Following the analysis of reviews published between 2007 and 2016, authors of ‘The Health Effects of Cannabis and Cannabinoids: The Current State of Evidence and Recommendations for Research’ concluded that there was “substantial evidence” between frequent cannabis use and developing schizophrenia and other psychoses.
However, in the very same study, they found that cannabis use could actually help individuals struggling with mental health disorders to better perform in learning and memory tasks.
Also, the researchers finally claimed that recreational use can’t be linked with developing depression, anxiety or posttraumatic stress disorder (PTSD).
While medical cannabis use is on the rise, and debate around recreational adult use of the drug continues to divide the public, politician, and researchers, CBD has managed to build significant popularity among people looking for alternative health and wellness options.
Clinical studies of CBD have also been on the rise in recent years. These studies have yielded evidence that CBD can interact with our body’s endocannabinoid receptors (CB1, CB2). These interactions have been found to potentially have an impact on how our brain regulates mood, among other functions.
What can CBD offer?
While it is widely acknowledged that further controlled clinical studies needed to get a full picture on CBD, we already know a fair amount of its presumed health benefits.

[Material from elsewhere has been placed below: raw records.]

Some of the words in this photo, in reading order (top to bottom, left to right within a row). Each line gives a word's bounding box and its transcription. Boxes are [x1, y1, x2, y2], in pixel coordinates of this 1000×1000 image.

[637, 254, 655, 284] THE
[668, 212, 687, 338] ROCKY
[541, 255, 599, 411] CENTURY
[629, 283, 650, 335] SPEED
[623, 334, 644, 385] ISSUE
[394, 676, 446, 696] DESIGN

CBD is reportedly assisting in the fight of a wide of range of conditions. While, again, more evidence will be needed in the future, CBD is widely considered to have the potential decrease feelings of depression; increase relaxation, alter mood, decrease pain sensation. Preliminary evidence suggests that it may also have an effect on learning and memory.

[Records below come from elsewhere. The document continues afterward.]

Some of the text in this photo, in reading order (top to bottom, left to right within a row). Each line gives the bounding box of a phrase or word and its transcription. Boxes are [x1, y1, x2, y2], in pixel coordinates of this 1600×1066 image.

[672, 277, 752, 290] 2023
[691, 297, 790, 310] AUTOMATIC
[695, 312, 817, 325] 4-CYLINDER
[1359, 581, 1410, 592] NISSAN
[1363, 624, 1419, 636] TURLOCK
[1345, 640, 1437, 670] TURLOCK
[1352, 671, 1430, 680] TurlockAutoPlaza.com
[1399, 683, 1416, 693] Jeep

Furthermore, as we reported it last year, CBD was found “to reduce symptoms of Social Anxiety Disorder”, a condition that relates to “low self-esteem, self-consciousness, and panic attacks, among others.”
In conclusion, although there is still a sort of black hole when it comes to clinical trials into CBD, the demand for medical cannabis is gigantic worldwide.
Even though some still argue whether medical cannabis could and should be used by those struggling with mental health issues, more countries continue to join the global medical cannabis market, and patients and wellness customers are more than ready to welcome the cannabinoid.